Nuclear smooth muscle α-actin participates in vascular smooth muscle cell differentiation

Missense variants throughout ACTA2, encoding α-smooth muscle actin (αSMA), predispose to adult-onset thoracic aortic disease, but variants disrupting arginine 179 (R179) lead to smooth muscle dysfunction syndrome characterized by diverse childhood-onset vascular diseases. Here we show that αSMA localizes to the nucleus in wild-type smooth muscle cells (SMCs), enriches in the nucleus with SMC differentiation, and associates with chromatin remodeling complexes and SMC contractile gene promoters. The ACTA2 p.Arg179 αSMA variant shows decreased nuclear localization. Primary SMCs from Acta2SMC-R179C/+ mice are less differentiated than wild-type SMCs in vitro and in vivo and have global changes in chromatin accessibility.

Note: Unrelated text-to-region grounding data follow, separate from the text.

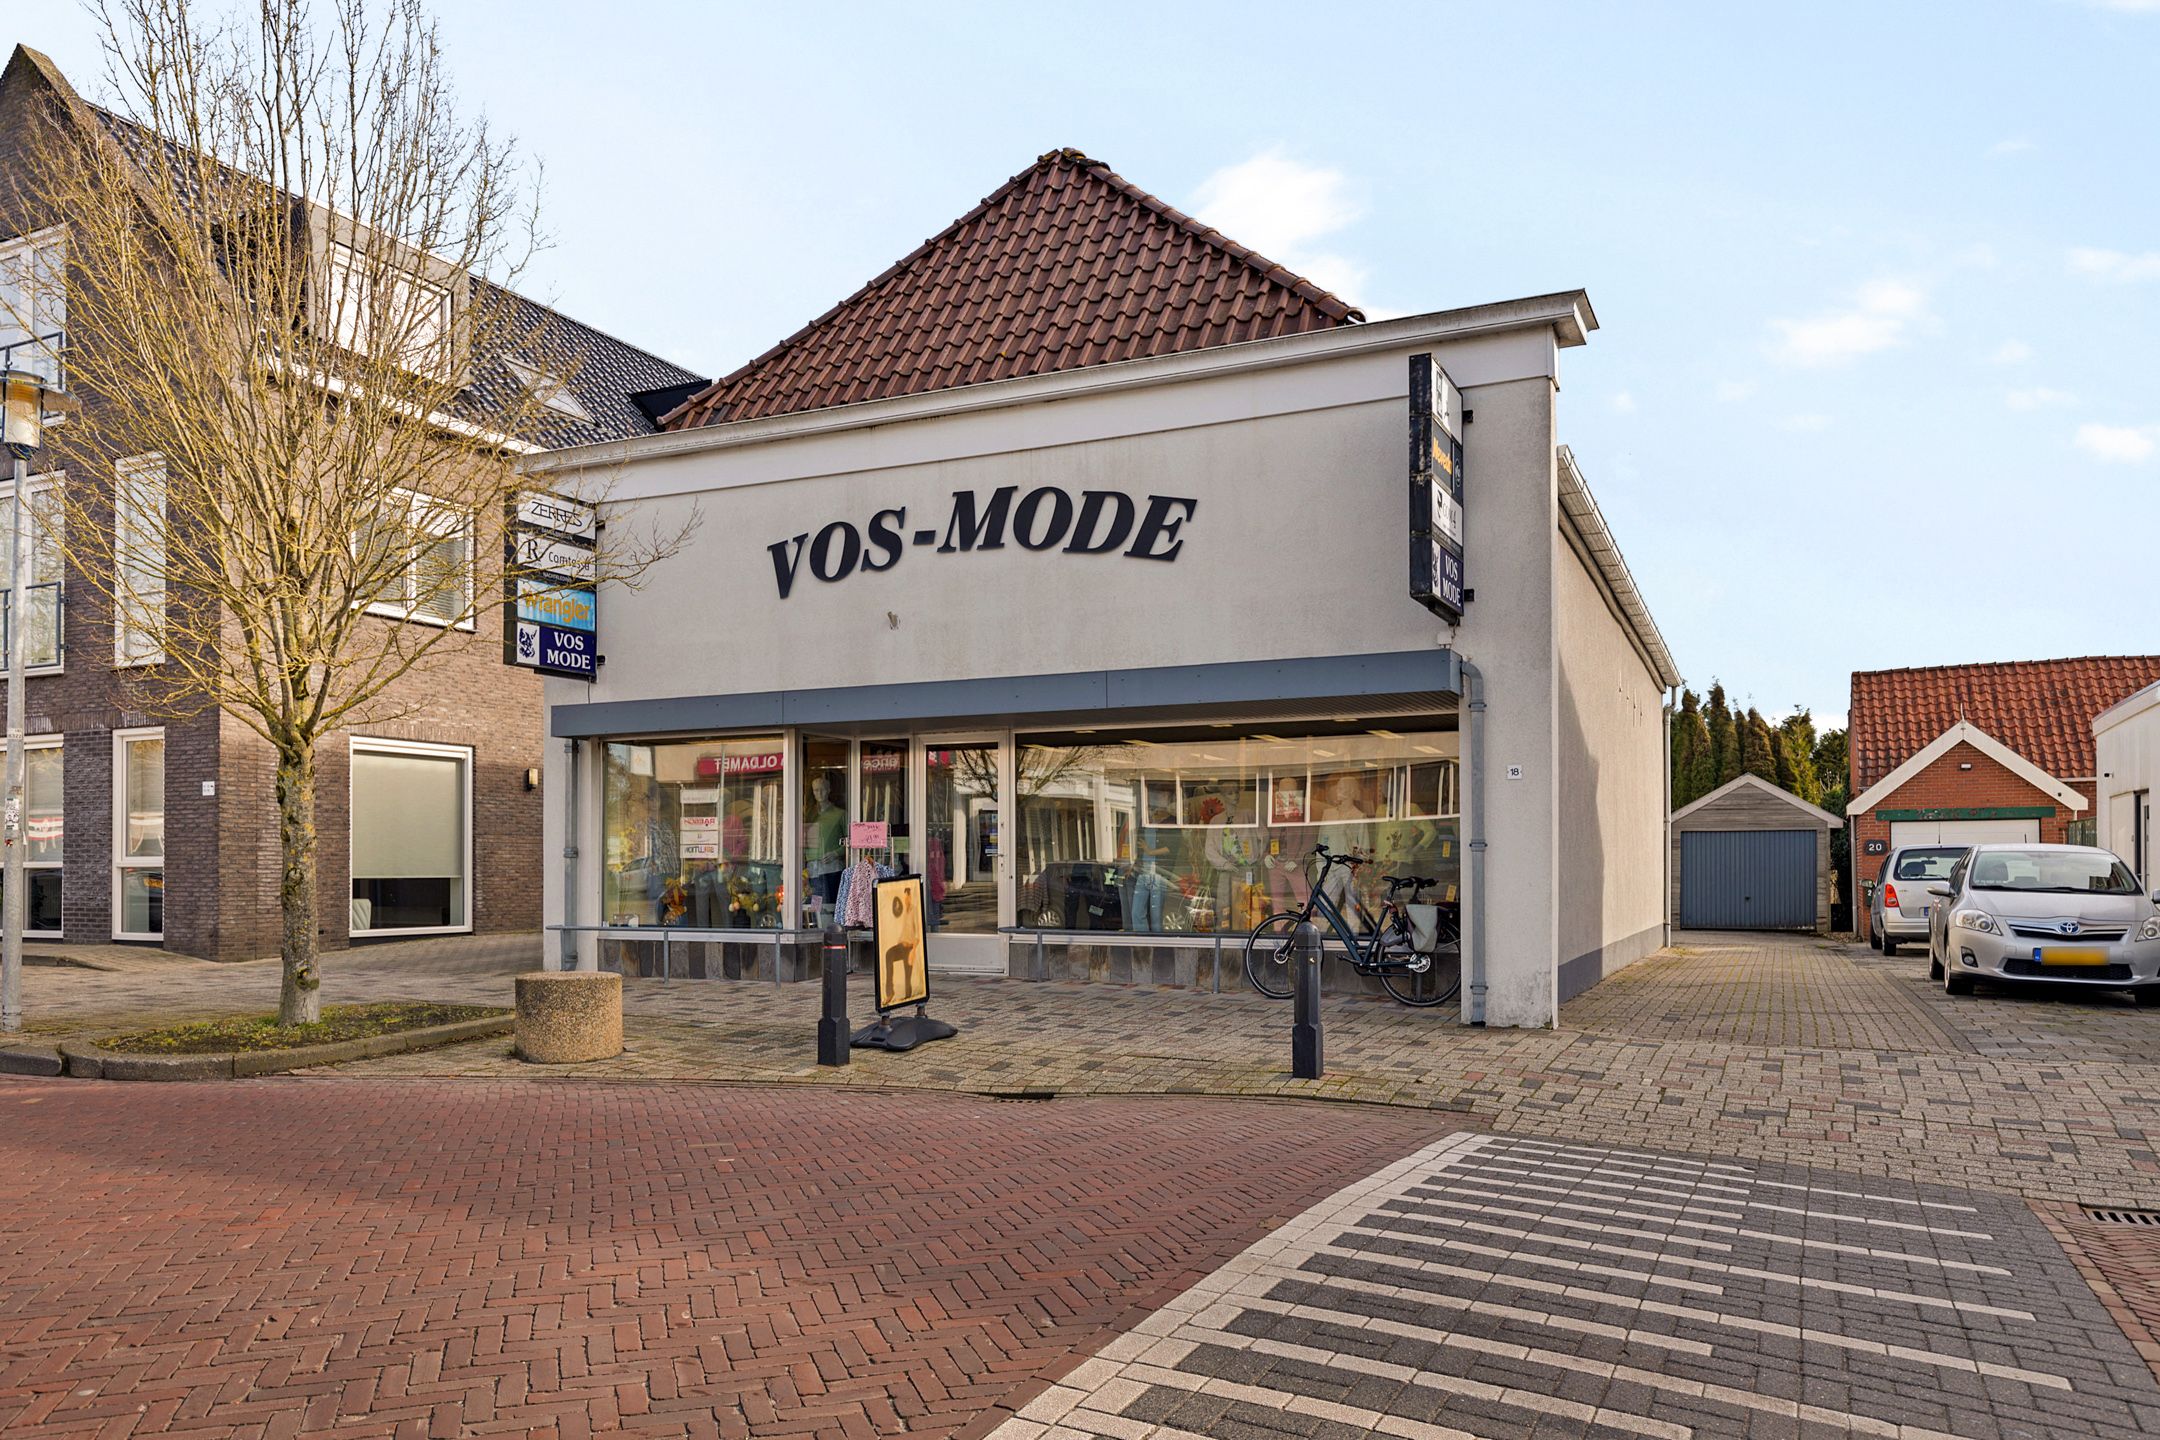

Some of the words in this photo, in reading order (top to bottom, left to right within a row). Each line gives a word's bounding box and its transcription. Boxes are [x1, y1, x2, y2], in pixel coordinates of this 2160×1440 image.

[531, 501, 582, 527] ZERRES
[767, 485, 1197, 599] VOS-MODE
[1445, 554, 1458, 581] VOS
[1442, 577, 1461, 607] MODE
[524, 588, 591, 623] Wrangler
[554, 631, 584, 651] VOS
[547, 648, 591, 670] MODE
[1510, 767, 1520, 776] 18
[1868, 843, 1882, 851] 20
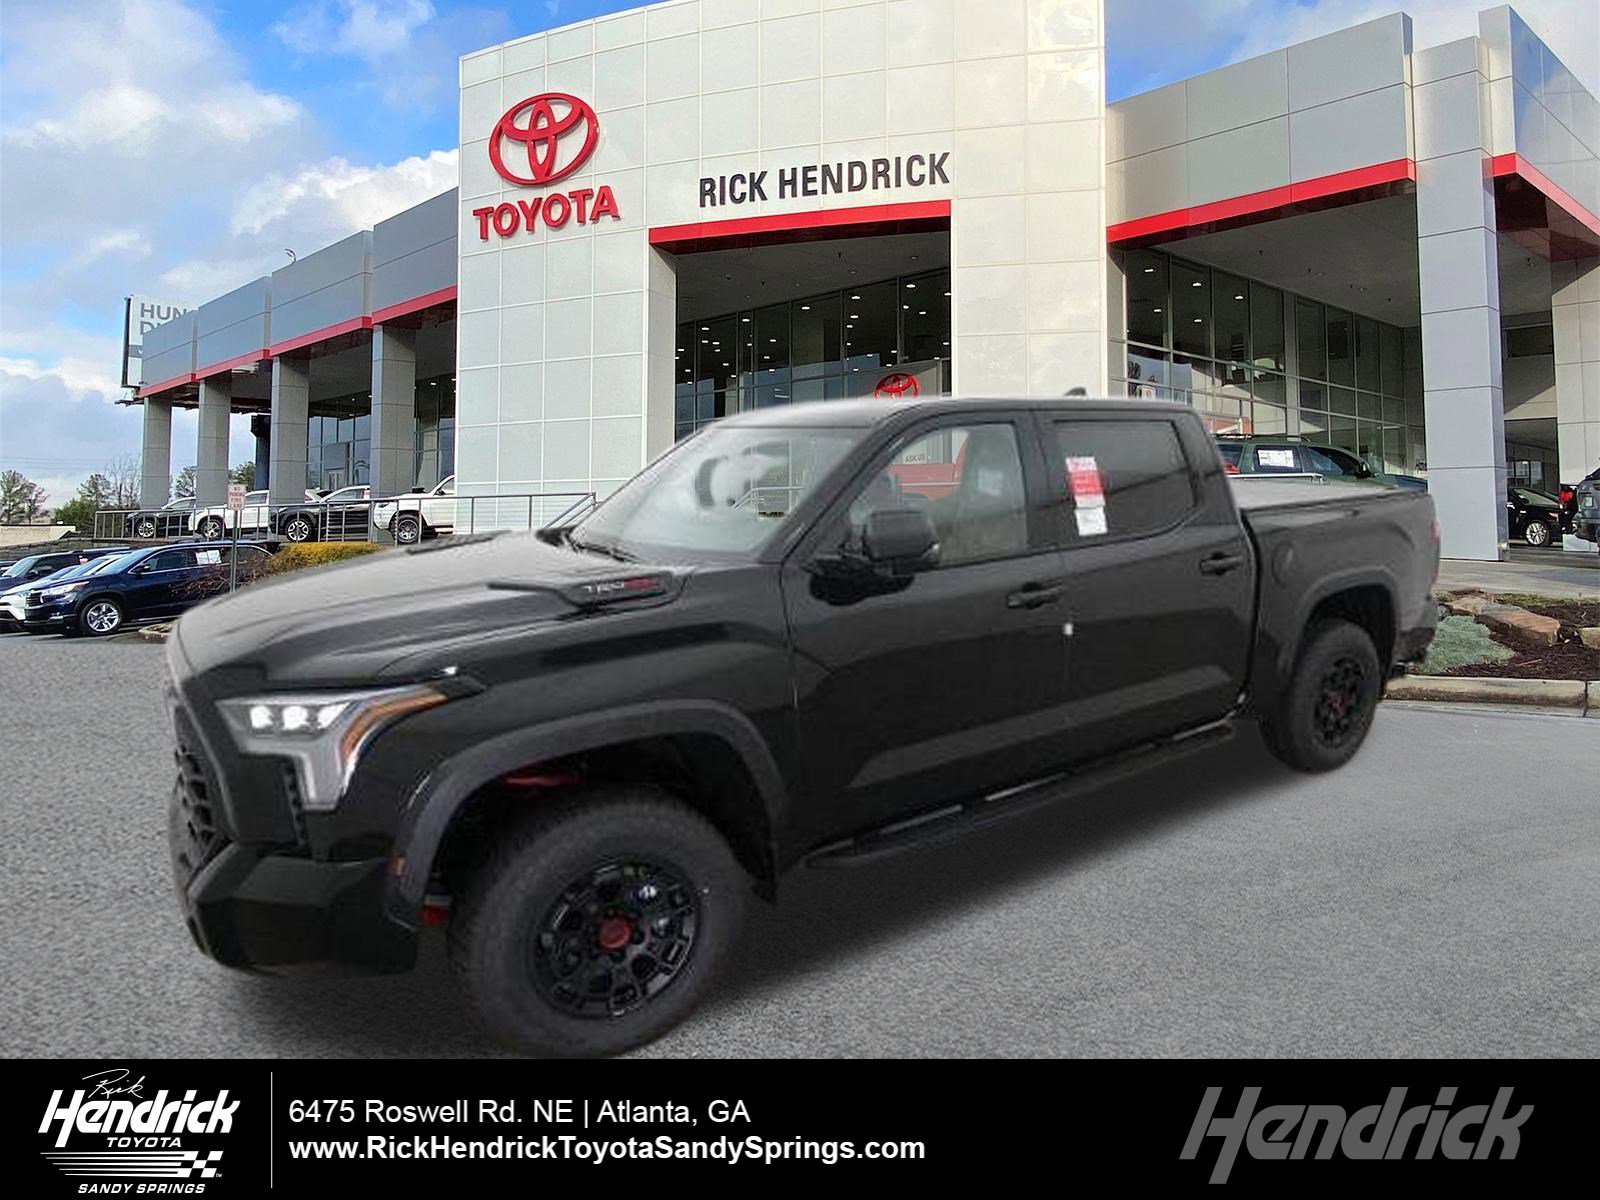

Induced pluripotent stem cells from participants with ACTA2 p.Arg179 variants fail to fully differentiate from neuroectodermal progenitor cells to SMCs, and single-cell transcriptomic analyses of an ACTA2 p.Arg179His participant’s aortic tissue show increased SMC plasticity. Thus, nuclear αSMA participates in SMC differentiation, and loss of this nuclear activity occurs with ACTA2 p.Arg179 pathogenic variants.